もちろん塾側もそれを踏まえて、名作と呼ばれる過去の作品をしっかり押さえつつ毎年新作をテキストやテストで扱うようにしています。
しかし、それらの作成にはある程度の時間を要するため、予想問題や対策がその年度の入試に間に合わないこともしばしばです。
そこで、中学受験生の皆さんにはぜひ、今月末に迫るG.W.や夏休みなど、時間が取れるタイミングに本屋へ足を運び、話題の新刊をチェックしてみて欲しいのです。
特におすすめしたいのは、皆さんと同じ10代の少年少女が主人公の小説や、皆さん〜高校生くらいの世代に向けて書かれた論説文などです。

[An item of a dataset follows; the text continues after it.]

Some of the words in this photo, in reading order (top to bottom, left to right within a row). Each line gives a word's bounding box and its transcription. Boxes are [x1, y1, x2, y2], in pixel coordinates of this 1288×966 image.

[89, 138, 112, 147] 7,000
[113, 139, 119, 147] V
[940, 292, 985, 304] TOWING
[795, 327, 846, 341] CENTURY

それらは読みやすい上にテストに大変よく出るので、ぜひ参考にしてくださいね。
「本屋大賞」をチェックしよう
「話題の新刊」と言いましたが、具体的な探し方としてはAmazonなどでランキングをチェックしても良いですし、本屋で平積みになっているものを確認したり、各賞を受賞した作品を手に取ってみたりすると良いでしょう。
ちなみに4月9日には、書店員が売りたい本を選出する『本屋大賞2026』の発表がありました。

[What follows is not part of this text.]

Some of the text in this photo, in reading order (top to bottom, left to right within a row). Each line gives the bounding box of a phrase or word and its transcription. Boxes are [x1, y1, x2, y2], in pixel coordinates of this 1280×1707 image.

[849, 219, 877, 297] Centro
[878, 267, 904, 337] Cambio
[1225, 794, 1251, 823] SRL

2004年に始まったこちらの文学賞は幅広い層に支持されており、受賞作はほとんどと言っていいほど映像化され、ますます注目されています。
本屋大賞の確定よりも中学受験で扱われるタイミングの方が早いことも多く、これらの作品が必ずしも次の入試にドシドシ出るということではありません。

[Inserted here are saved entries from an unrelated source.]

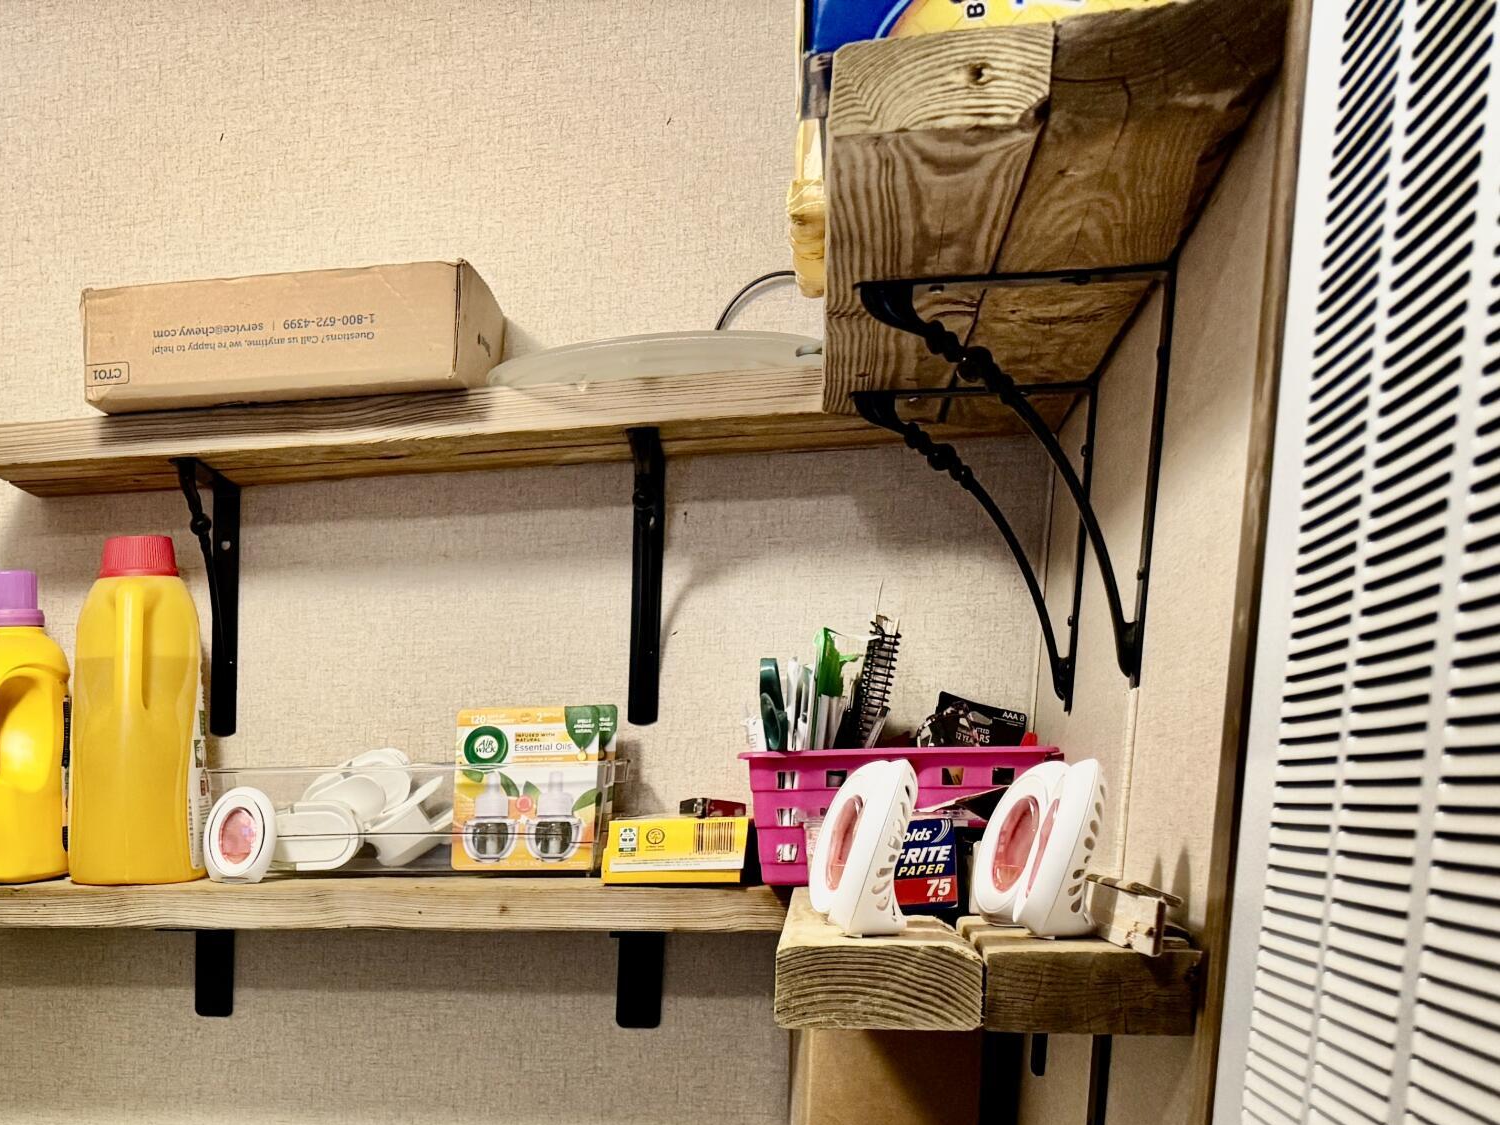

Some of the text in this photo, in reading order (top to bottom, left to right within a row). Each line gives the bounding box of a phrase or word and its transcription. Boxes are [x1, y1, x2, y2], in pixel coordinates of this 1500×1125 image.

[152, 313, 376, 339] 1-800-672-4399 service@chewy.com
[151, 331, 375, 356] Questions? Call us anytime, we're happy to help!
[1002, 711, 1018, 721] AAA
[514, 742, 573, 752] Essential Oils
[897, 863, 945, 877] PAPER
[926, 878, 952, 897] 75

しかし、これらの作品により話題になった作家の別の作品が入試に出題されることは実に多いので、ぜひとも以下の作品群や、それらの作家の別作品をいくつか読んでみてもらえたらと思います。
近年の受賞作はどんな作品?
ここで参考までに、ここ3年の受賞作をご紹介します。
◎本屋大賞2026
第一位(大賞)
『イン・ザ・メガチャーチ』
朝井リョウ
*あらすじ
あるアイドルグループの運営に参画することになった、家族と離れて暮らす男。内向的で繊細な気質ゆえ積み重なる心労を癒やしたい大学生。仲間と楽しく舞台俳優を応援していたが、とある報道で状況が一変する女。ファンダム経済を仕掛ける側、のめり込む側、かつてのめり込んでいた側。世代も立場も異なる3つの視点から、人の心を動かす“物語”の功罪を炙り出す。
◎本屋大賞2025
第一位(大賞)
『カフネ』
阿部暁子
*あらすじ
法務局に勤める野宮薫子は、溺愛していた弟が急死して悲嘆にくれていたが、弟の元恋人・小野寺せつなに会い、やがて彼女が勤める家事代行サービス会社「カフネ」の活動を手伝うことになった。弟を亡くした薫子と弟の元恋人せつなの二人の距離は、食べることを通じて次第に縮まっていく。
◎本屋大賞2024
第一位(大賞)
『成瀬は天下を取りにいく』
宮島未奈
*あらすじ
2020年、中2の夏休みの始まりに、幼馴染の成瀬がまた変なことを言い出した。閉店を控える西武大津店に毎日通い、中継に映るというのだが……。
M-1に挑戦したかと思えば、自身の髪で長期実験に取り組み、市民憲章は暗記して全うする。今日も全力で我が道を突き進む成瀬あかりから、きっと誰もが目を離せない。
──以上、気になるものはありましたか?
各塾のG.W.講習は、その先に待ち受ける夏期講習よりも授業や課題のボリュームが比較的少なめです。
ぜひこの機会を利用して読書も大いに楽しみ、読む力をメキメキと育てていただけたら嬉しいです。
中学受験生の皆さんが心も身体も健やかに、充実した日々を過ごせるよう願っています。